# Required action:
Write out the entries exactly. None of the pictures should appear in the copy.

# Material for this exercise:

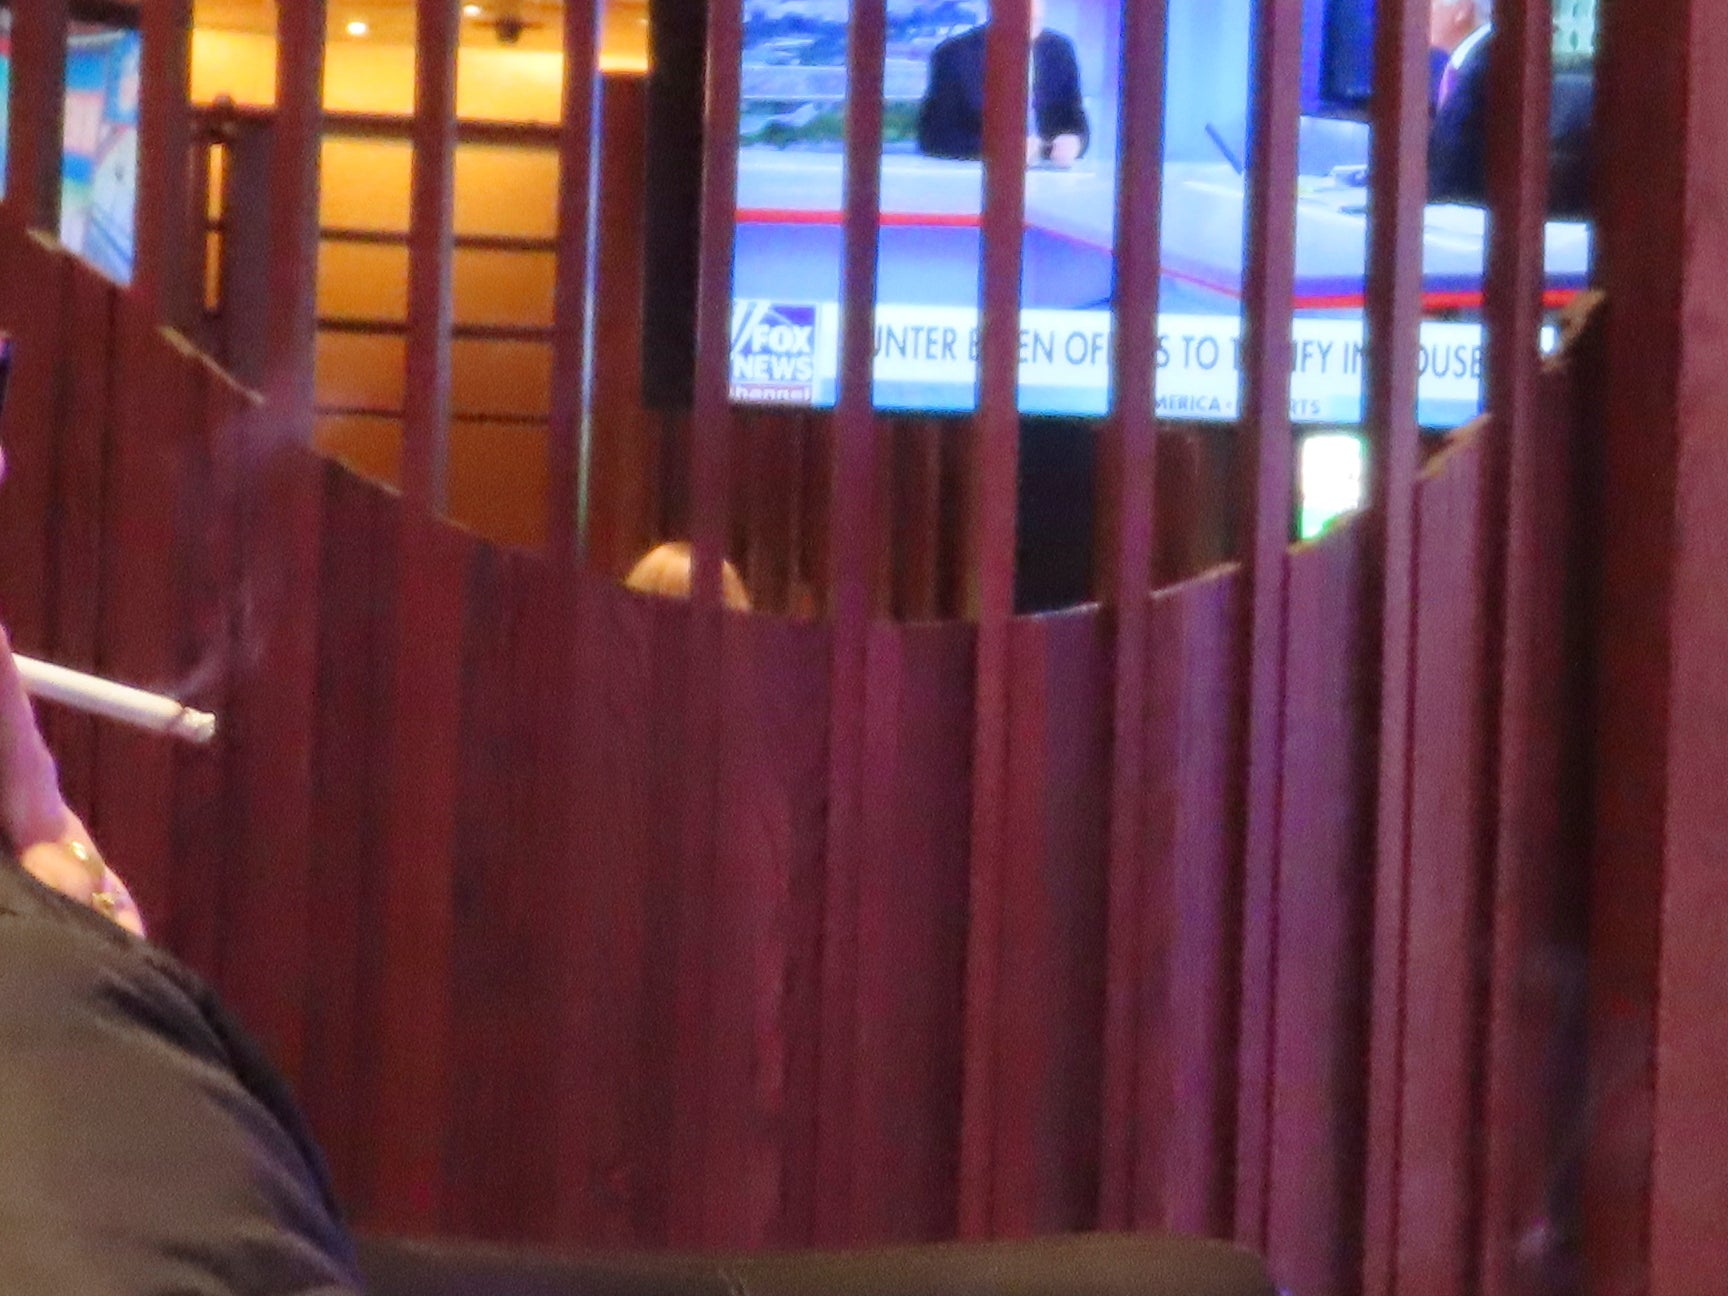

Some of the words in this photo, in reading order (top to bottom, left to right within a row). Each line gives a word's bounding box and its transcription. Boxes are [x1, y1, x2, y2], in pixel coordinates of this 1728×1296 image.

[751, 324, 813, 353] FOX
[874, 324, 956, 360] UNTER
[1182, 335, 1220, 370] TO
[733, 354, 813, 381] NEWS

# Output of the exercise:
Some of the words in this photo, in reading order (top to bottom, left to right within a row). Each line gives a word's bounding box and its transcription. Boxes are [x1, y1, x2, y2], in pixel coordinates of this 1728×1296 image.

[751, 324, 813, 353] FOX
[874, 324, 956, 360] UNTER
[1182, 335, 1220, 370] TO
[733, 354, 813, 381] NEWS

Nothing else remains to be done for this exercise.